── Extracted data ──

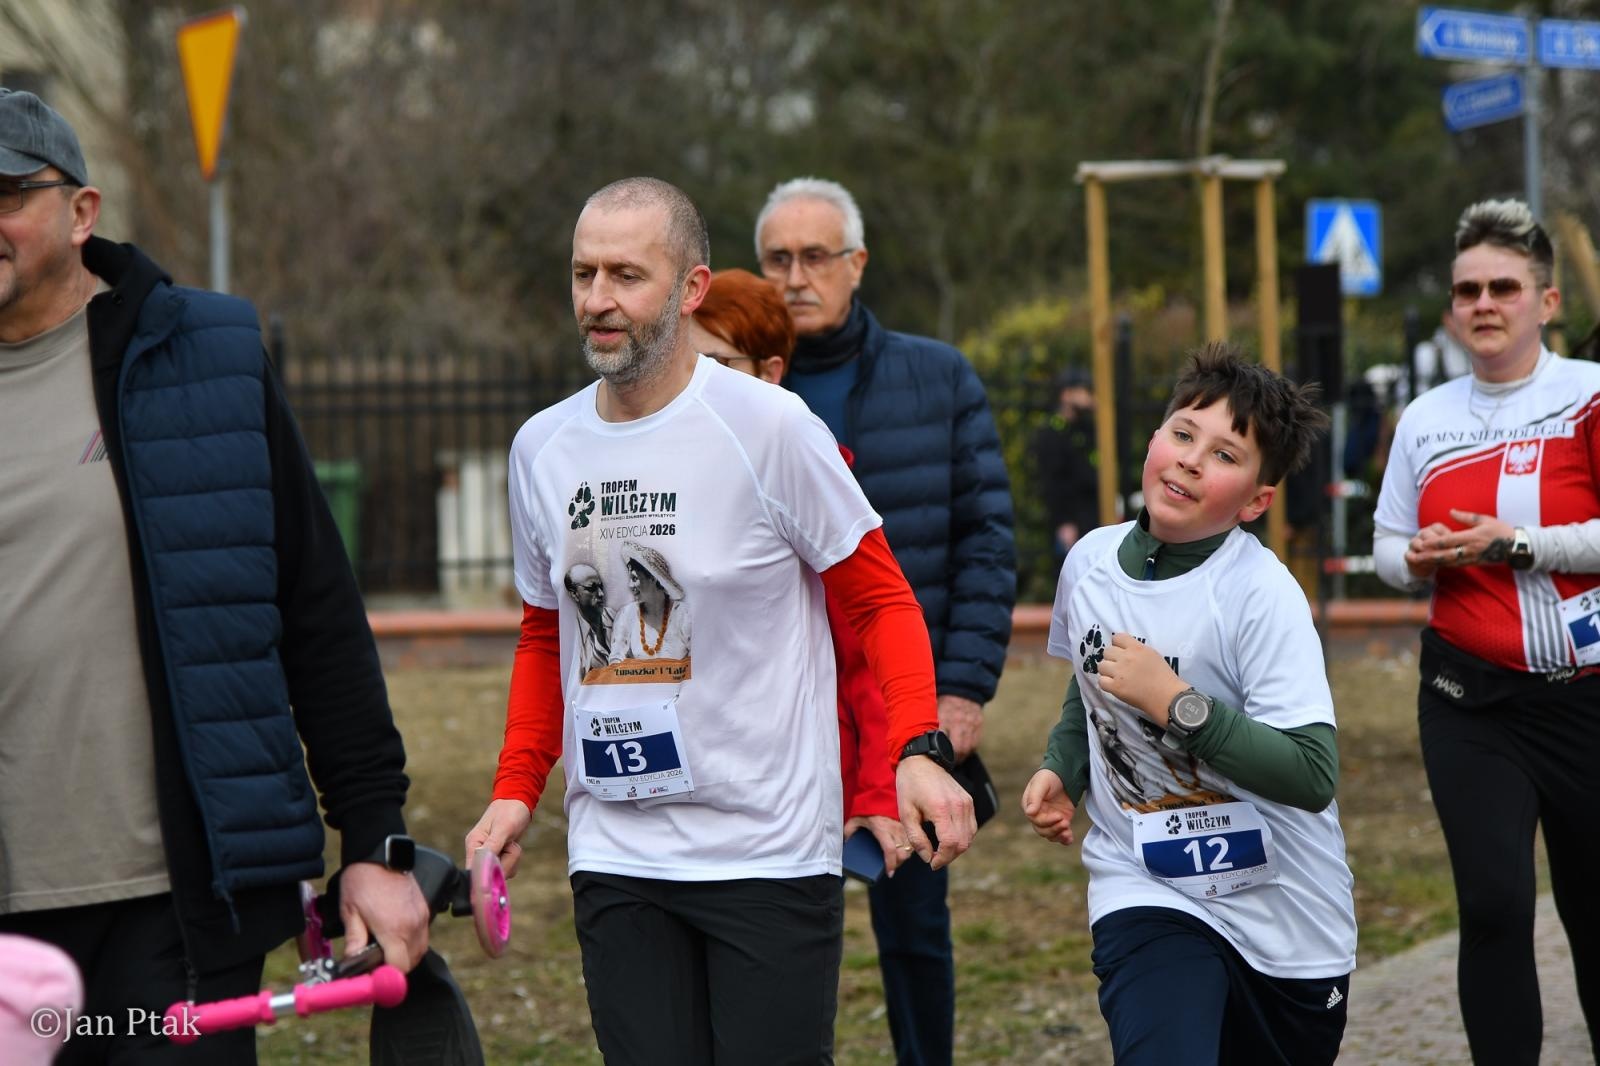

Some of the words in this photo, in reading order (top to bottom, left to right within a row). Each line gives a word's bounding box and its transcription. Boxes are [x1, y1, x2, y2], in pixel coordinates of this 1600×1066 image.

[601, 479, 637, 494] TROPEM
[601, 493, 677, 516] WILCZYM
[600, 527, 615, 540] XIV
[616, 525, 648, 539] EDYCJA
[649, 523, 676, 536] 2026
[1432, 674, 1464, 699] HARD
[604, 721, 642, 734] WILCZYM
[604, 740, 648, 774] 13
[640, 772, 666, 782] EDYCJA
[667, 769, 683, 778] 2026
[1184, 810, 1208, 820] TROPEM
[1186, 815, 1231, 831] WILCZYM
[1183, 836, 1234, 873] 12
[1207, 874, 1220, 882] XIV
[1221, 869, 1250, 880] EDYCJA
[1250, 864, 1268, 874] 2026
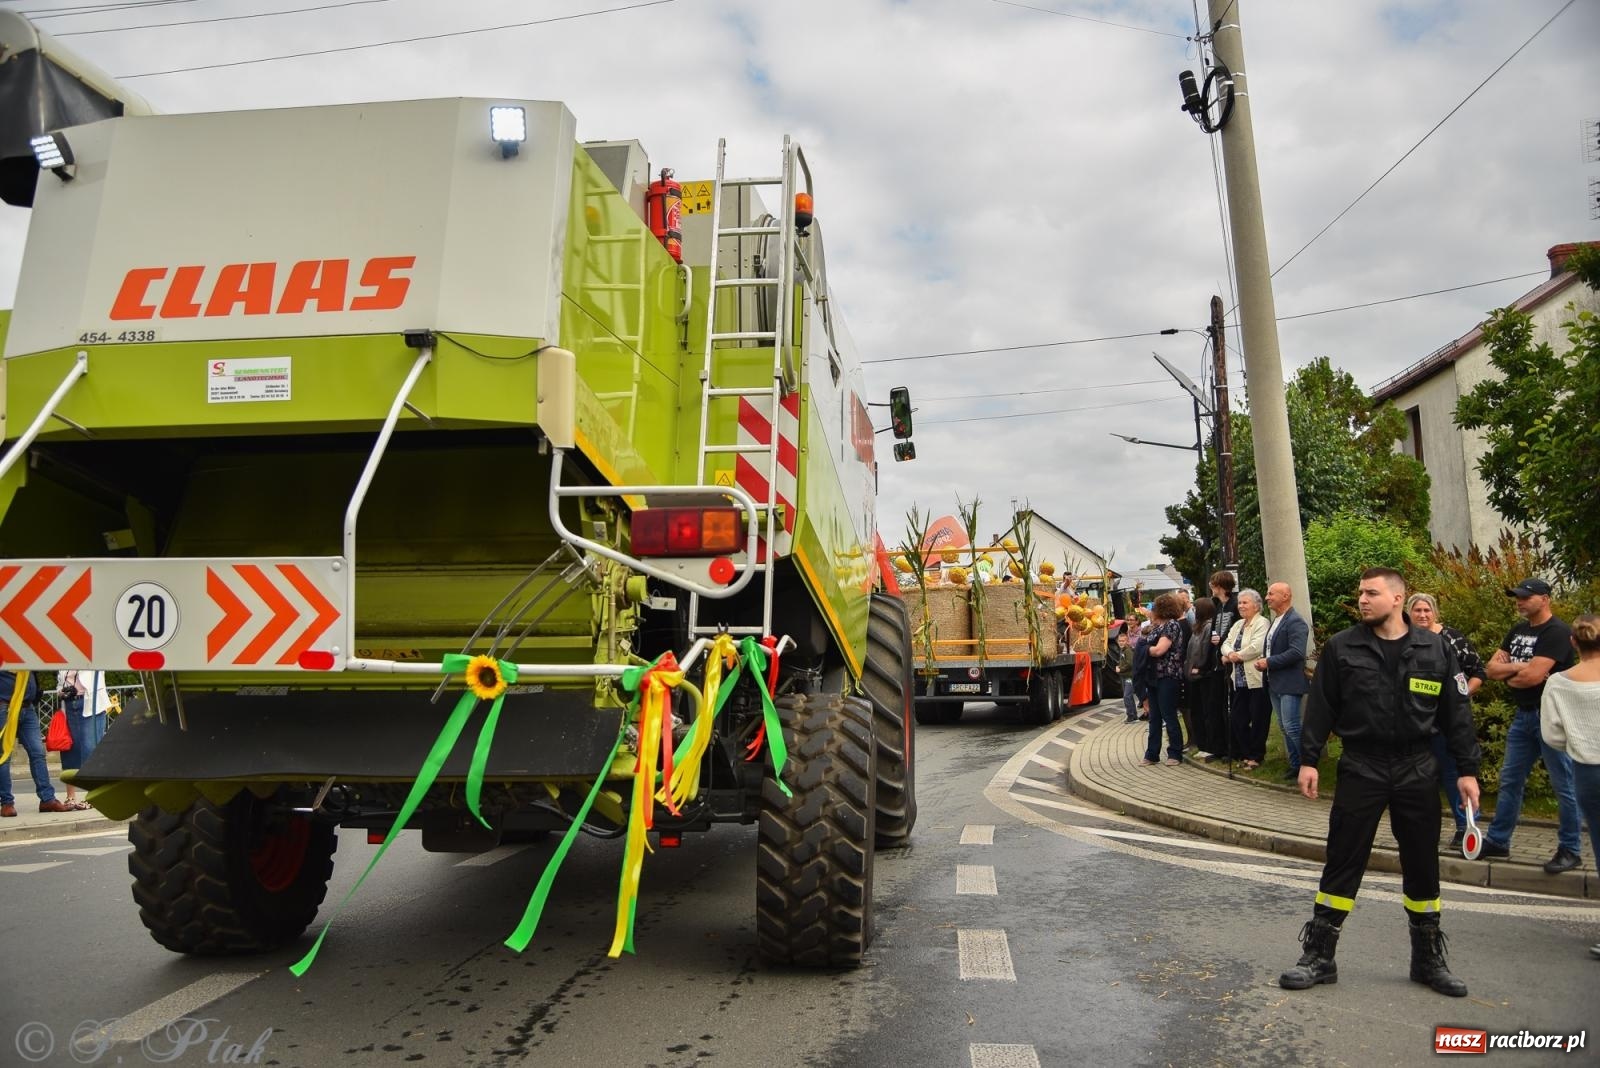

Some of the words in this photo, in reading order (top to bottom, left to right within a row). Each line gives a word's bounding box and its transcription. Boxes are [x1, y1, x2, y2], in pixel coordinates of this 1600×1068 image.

[108, 255, 417, 321] CLAAS
[79, 331, 112, 344] 454-
[118, 330, 156, 343] 4338
[127, 594, 165, 638] 20

───

Exercise aim: Each line of the data above must be repeated exactly, images excluded.

Expected answer:
Some of the words in this photo, in reading order (top to bottom, left to right within a row). Each line gives a word's bounding box and its transcription. Boxes are [x1, y1, x2, y2], in pixel coordinates of this 1600×1066 image.

[601, 479, 637, 494] TROPEM
[601, 493, 677, 516] WILCZYM
[600, 527, 615, 540] XIV
[616, 525, 648, 539] EDYCJA
[649, 523, 676, 536] 2026
[1432, 674, 1464, 699] HARD
[604, 721, 642, 734] WILCZYM
[604, 740, 648, 774] 13
[640, 772, 666, 782] EDYCJA
[667, 769, 683, 778] 2026
[1184, 810, 1208, 820] TROPEM
[1186, 815, 1231, 831] WILCZYM
[1183, 836, 1234, 873] 12
[1207, 874, 1220, 882] XIV
[1221, 869, 1250, 880] EDYCJA
[1250, 864, 1268, 874] 2026

Some of the words in this photo, in reading order (top to bottom, left to right within a row). Each line gives a word's bounding box and its transcription. Boxes are [x1, y1, x2, y2], in pixel coordinates of this 1600×1068 image.

[108, 255, 417, 321] CLAAS
[79, 331, 112, 344] 454-
[118, 330, 156, 343] 4338
[127, 594, 165, 638] 20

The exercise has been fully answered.